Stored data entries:
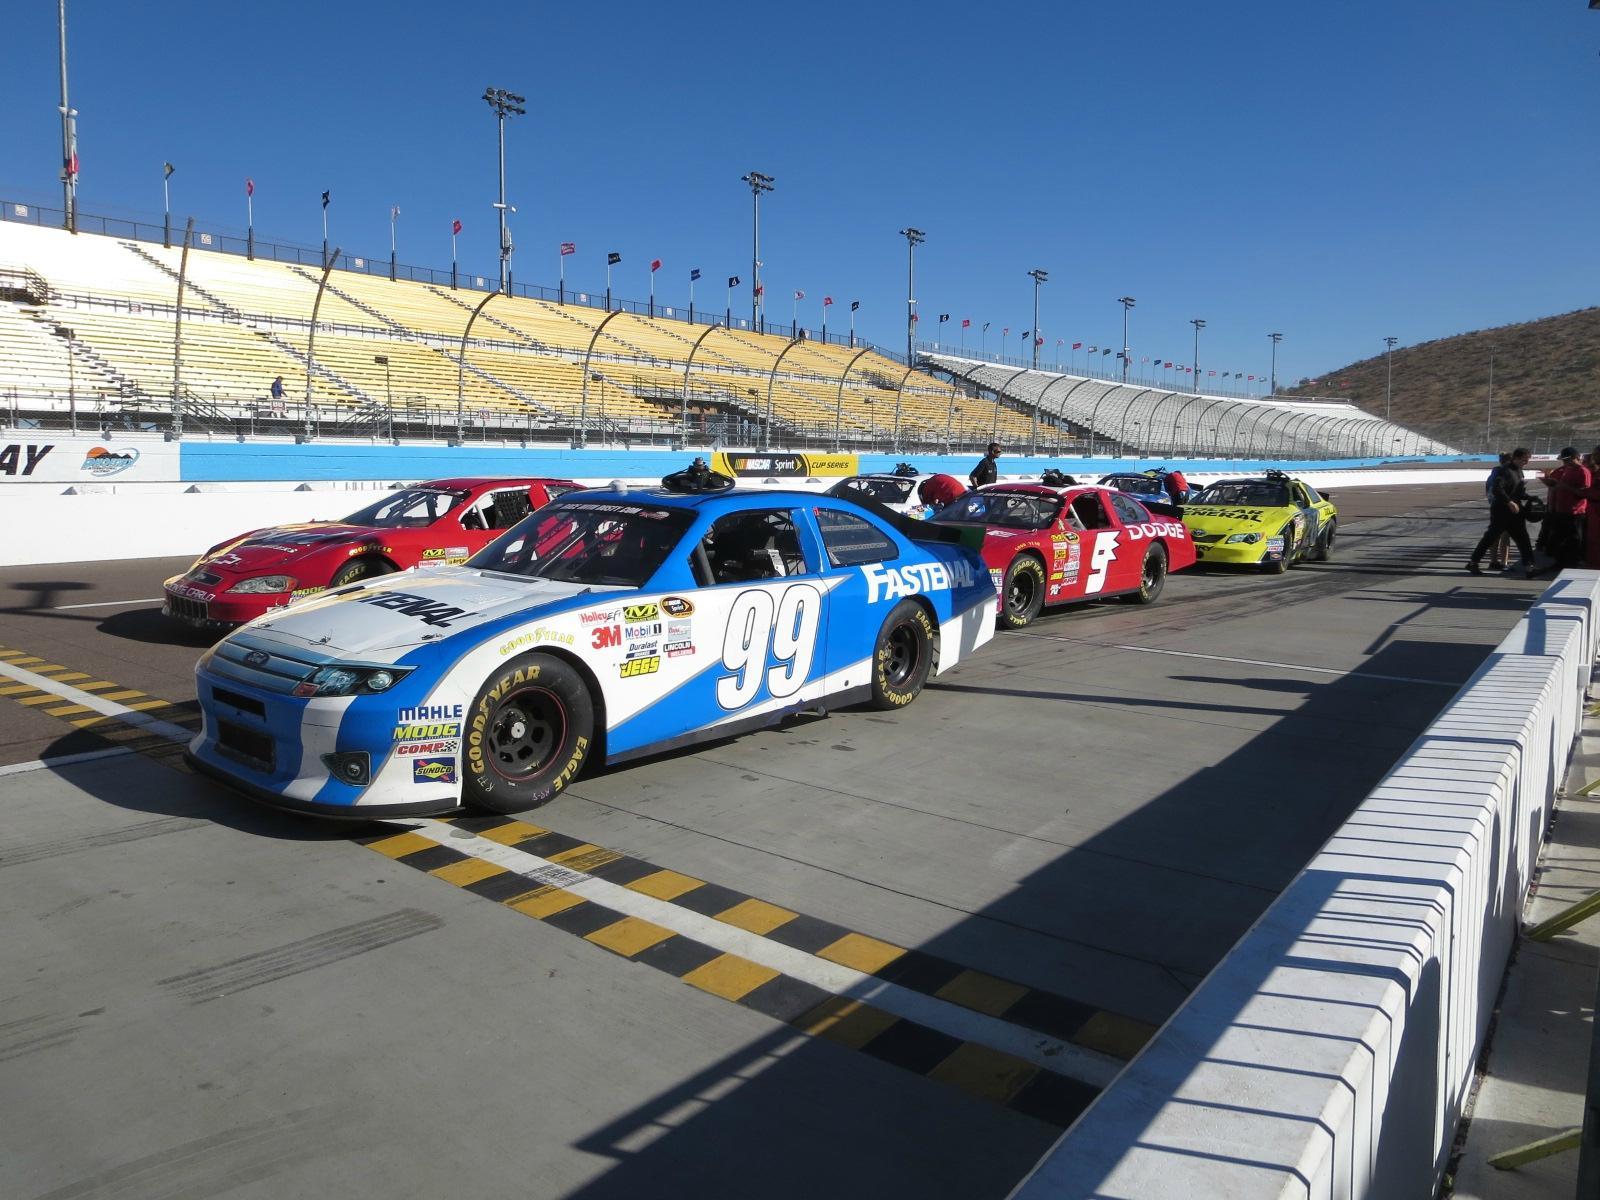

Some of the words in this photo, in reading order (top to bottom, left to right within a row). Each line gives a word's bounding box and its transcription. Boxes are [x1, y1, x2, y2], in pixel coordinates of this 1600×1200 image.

[745, 459, 770, 470] NASCAR
[775, 459, 795, 473] Sprint
[812, 461, 826, 469] CUP
[826, 461, 849, 469] SERIES
[1184, 511, 1262, 523] ENERAL
[1125, 523, 1185, 540] DODGE
[860, 560, 975, 604] FASTENAL
[579, 611, 608, 623] Holley
[625, 625, 651, 639] Mobil
[653, 623, 662, 634] 1
[915, 611, 933, 640] EAGLE
[499, 628, 575, 655] GOODYEAR
[592, 625, 621, 649] 3M
[629, 640, 658, 651] Duralast
[664, 642, 691, 652] LINCOLN
[716, 584, 822, 711] 99
[620, 656, 660, 678] JEGS
[878, 649, 913, 705] GOODYEAR
[399, 705, 462, 721] MAHLE
[469, 664, 541, 775] GOODYEAR
[393, 723, 458, 739] MOOG
[397, 742, 445, 755] COMP
[417, 766, 452, 775] SUNOCO
[553, 736, 588, 792] EAGLE

▸ **Exercise goal**:
Every record must be copied exactly, with the pictures left out.

▸ **Reply**:
Some of the words in this photo, in reading order (top to bottom, left to right within a row). Each line gives a word's bounding box and its transcription. Boxes are [x1, y1, x2, y2], in pixel coordinates of this 1600×1200 image.

[745, 459, 770, 470] NASCAR
[775, 459, 795, 473] Sprint
[812, 461, 826, 469] CUP
[826, 461, 849, 469] SERIES
[1184, 511, 1262, 523] ENERAL
[1125, 523, 1185, 540] DODGE
[860, 560, 975, 604] FASTENAL
[579, 611, 608, 623] Holley
[625, 625, 651, 639] Mobil
[653, 623, 662, 634] 1
[915, 611, 933, 640] EAGLE
[499, 628, 575, 655] GOODYEAR
[592, 625, 621, 649] 3M
[629, 640, 658, 651] Duralast
[664, 642, 691, 652] LINCOLN
[716, 584, 822, 711] 99
[620, 656, 660, 678] JEGS
[878, 649, 913, 705] GOODYEAR
[399, 705, 462, 721] MAHLE
[469, 664, 541, 775] GOODYEAR
[393, 723, 458, 739] MOOG
[397, 742, 445, 755] COMP
[417, 766, 452, 775] SUNOCO
[553, 736, 588, 792] EAGLE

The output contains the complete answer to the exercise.